The various crises to hit Hillsong, which Crikey has reported on over the past 12 months, have a common thread.
In Australia the indecent assault of a young Hillsong College student, Anna Crenshaw, ultimately became a rallying point for other Hillsong women who watched an unfolding injustice. Crenshaw attempted to deal with her grievance the right way, using Hillsong’s internal complaint processes, but ran into a thicket of connections between the older generation of men who control the church. One of those men was the father of the young man who assaulted Crenshaw. His connections to the Houstons tracked back to the earliest days of Hillsong.
A subsequent review of the Hillsong College culture revealed entrenched discrimination and favouritism towards those connected to the old Hillsong cronies.
In the United States the Crenshaw case fed into a growing list of church scandals. As Crikey revealed, a woman’s treatment at the hands of a New York pastor had been swept under the carpet and only came to light after she made a formal allegation years later that she had been raped.
Houston’s hold on Hillsong became untenable in March this year with revelations of his behaviour with two women, in 2012 and in 2019. The transgressions were known to the men who run Hillsong and who have known the Houstons for decades. They had elected to keep it quiet until word leaked out late last year. For some younger Hillsong women, the extent of that coverup broke their faith in Brian Houston and his band of old mates. They were glad to see him go.
Houston’s 2019 transgression occurred at Hillsong’s annual conference, at the end of a long day. Houston, drunk and apparently feeling the effects of anti-anxiety medication, took the lift up to his room. Unable to find his key he apparently knocked on the door of a woman who was a Hillsong supporter and stayed in her room for 40 minutes. Or so he says.

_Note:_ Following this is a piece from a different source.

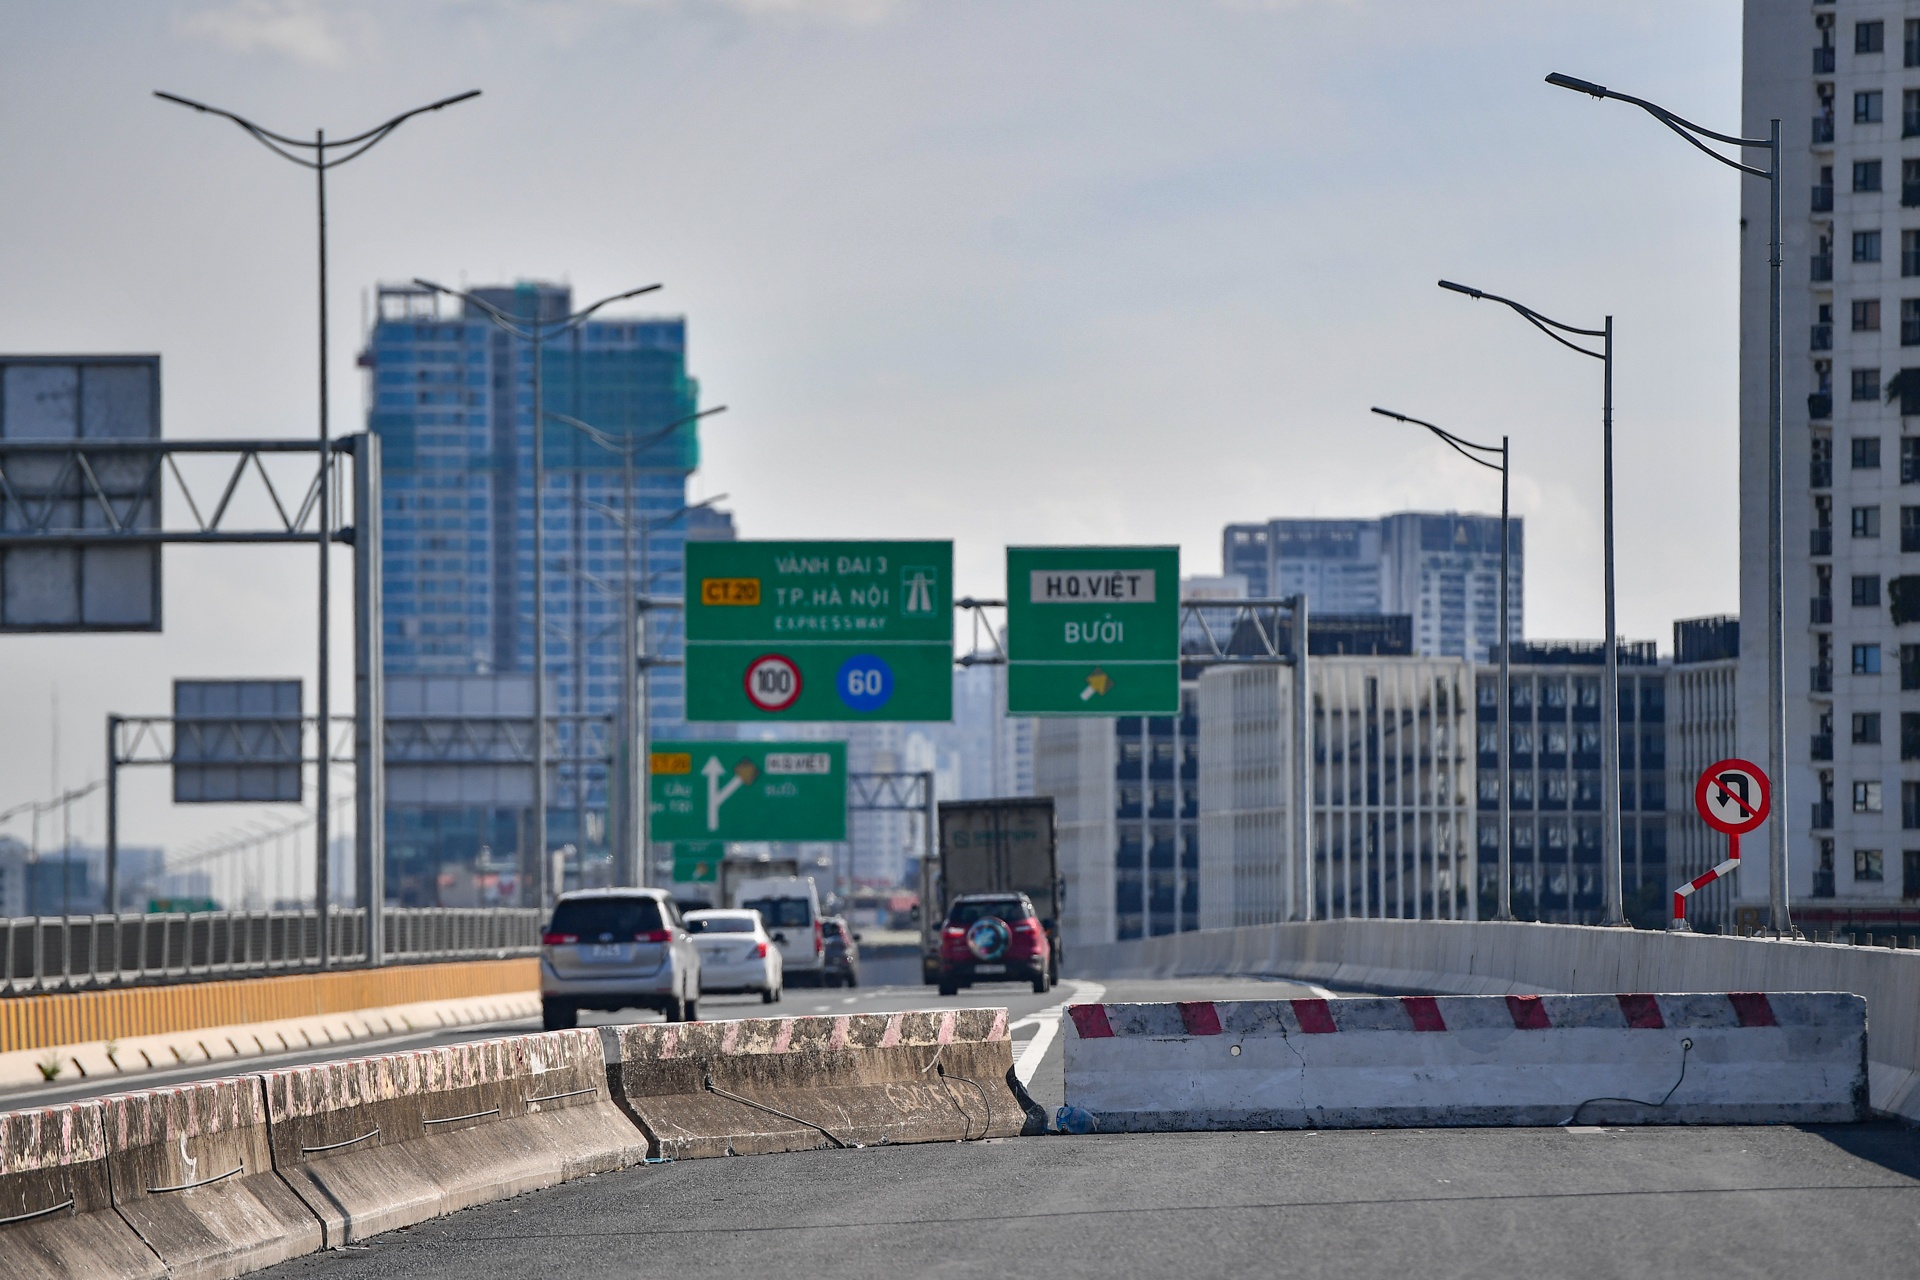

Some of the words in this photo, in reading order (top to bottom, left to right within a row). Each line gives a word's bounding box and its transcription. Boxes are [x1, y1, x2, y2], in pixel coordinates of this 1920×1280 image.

[876, 556, 888, 574] 3
[758, 668, 791, 694] 100
[847, 669, 883, 695] 60

Scott Morrison and his wife, Jenny, had attended the very same conference. On stage with Brian Houston and at the pastor’s urging, Morrison made a public pledge in front of more than 20,000 Hillsong followers that he would enact religious freedom laws in the current term of Parliament.
Houston is gone. Morrison clings on, still fighting for the laws he promised his friend.
If there’s another painting of a soaring eagle out there, the minders will need to get it in front of Morrison quick smart. And it’ll need to be a massive bird this time.